* _Task instructions_
The entries below should be repeated exactly, with no pictures carried over.

** Information given follows **

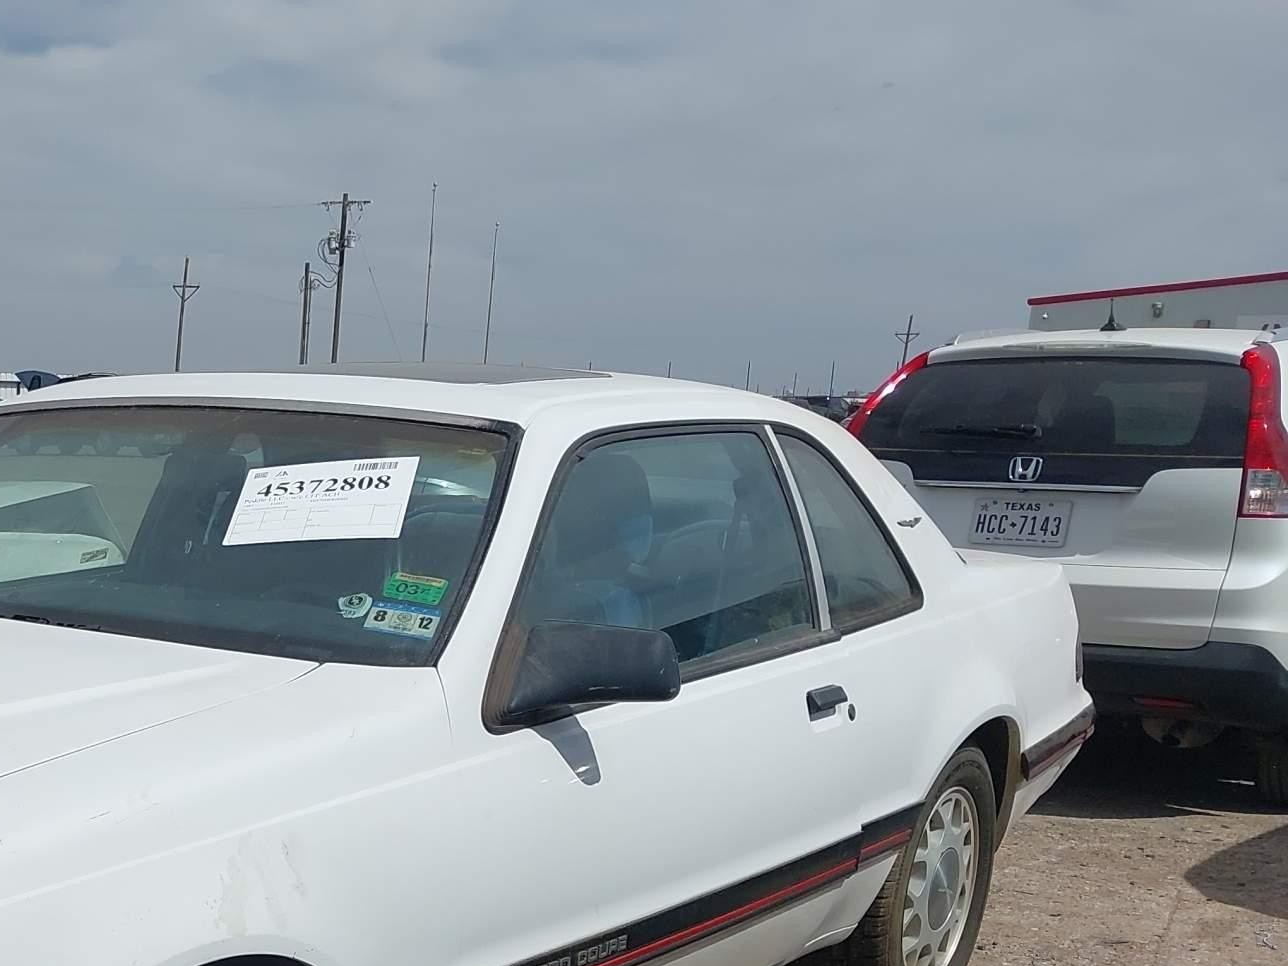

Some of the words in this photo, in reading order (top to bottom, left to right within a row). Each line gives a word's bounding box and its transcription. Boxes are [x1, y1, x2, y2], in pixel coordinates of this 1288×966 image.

[257, 474, 392, 497] 45372808
[1004, 502, 1041, 512] TEXAS
[373, 610, 388, 622] 8
[419, 616, 433, 630] 12
[577, 934, 629, 966] COUPE
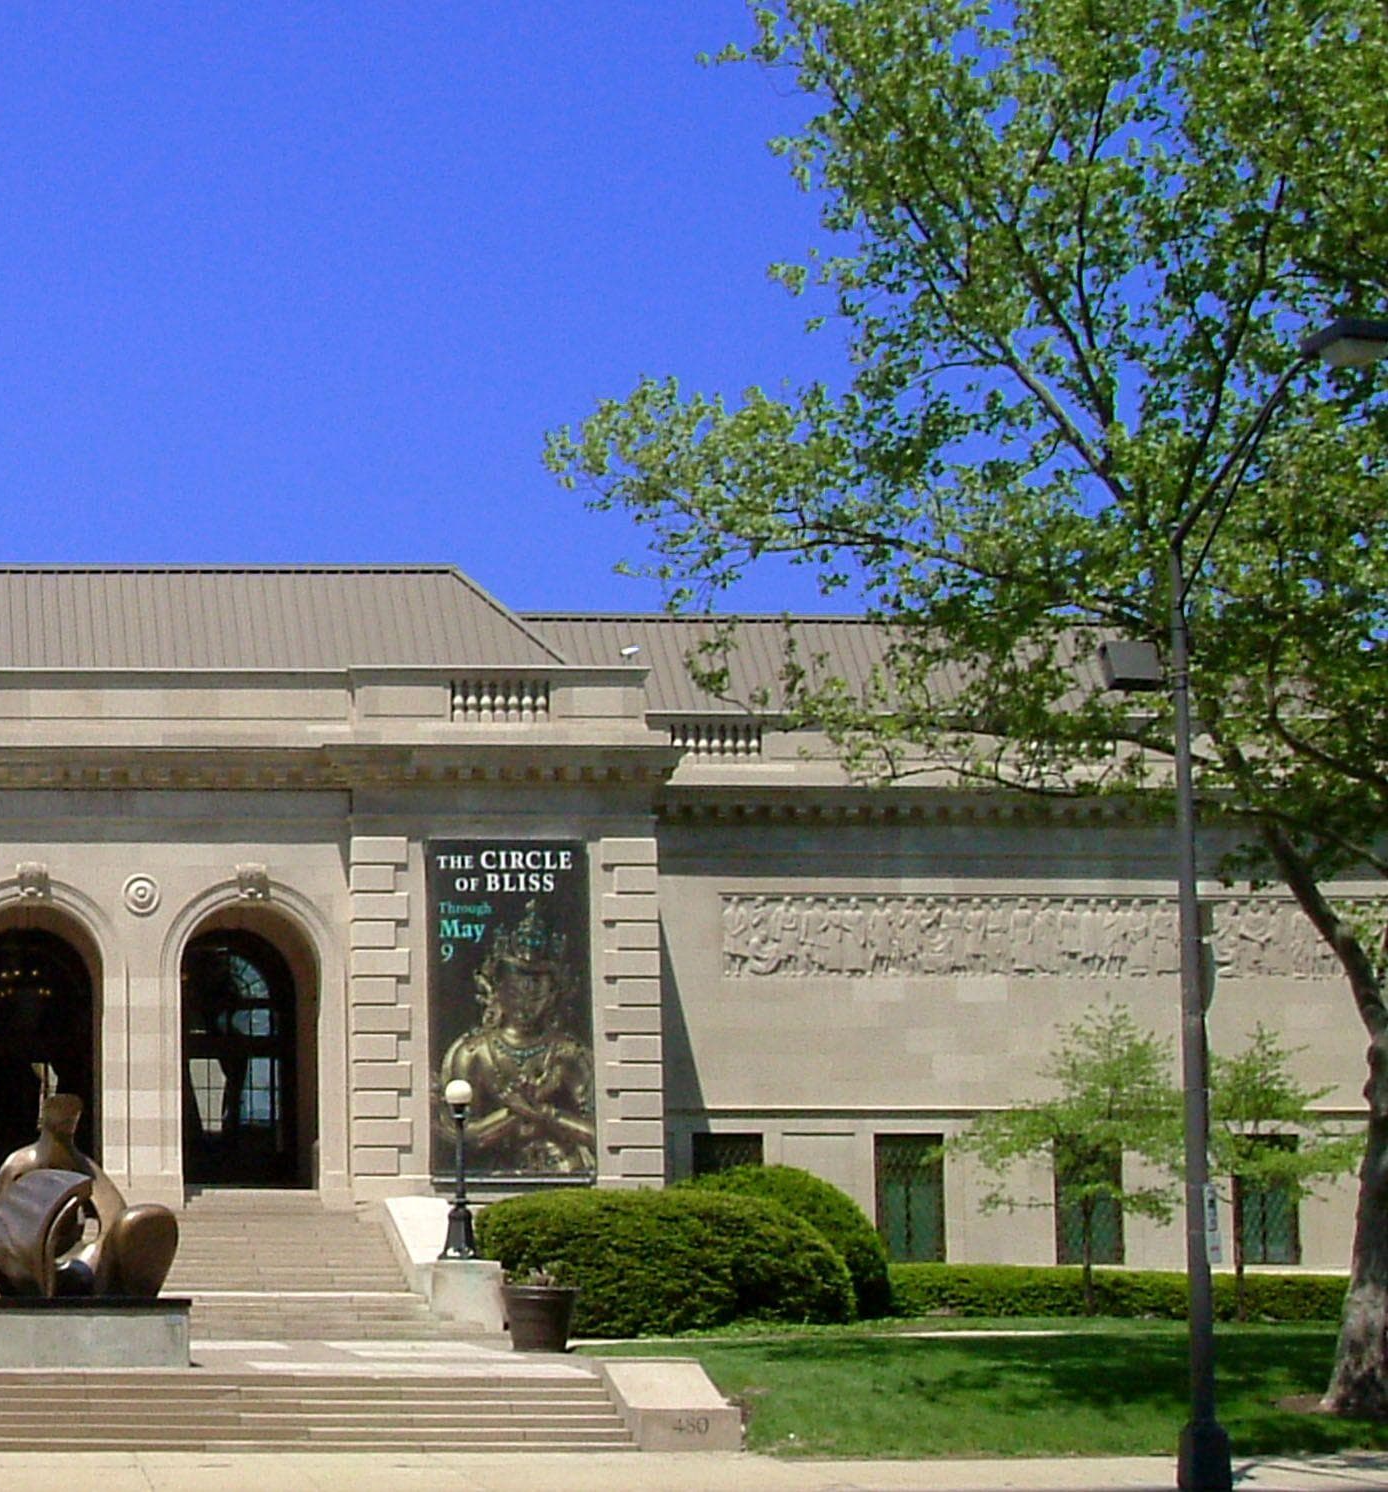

** End of Information given **

* _Exercise output_
Some of the words in this photo, in reading order (top to bottom, left to right within a row). Each line gives a word's bounding box and its transcription. Boxes are [x1, y1, x2, y2], in pixel coordinates of this 1288×966 image.

[257, 474, 392, 497] 45372808
[1004, 502, 1041, 512] TEXAS
[373, 610, 388, 622] 8
[419, 616, 433, 630] 12
[577, 934, 629, 966] COUPE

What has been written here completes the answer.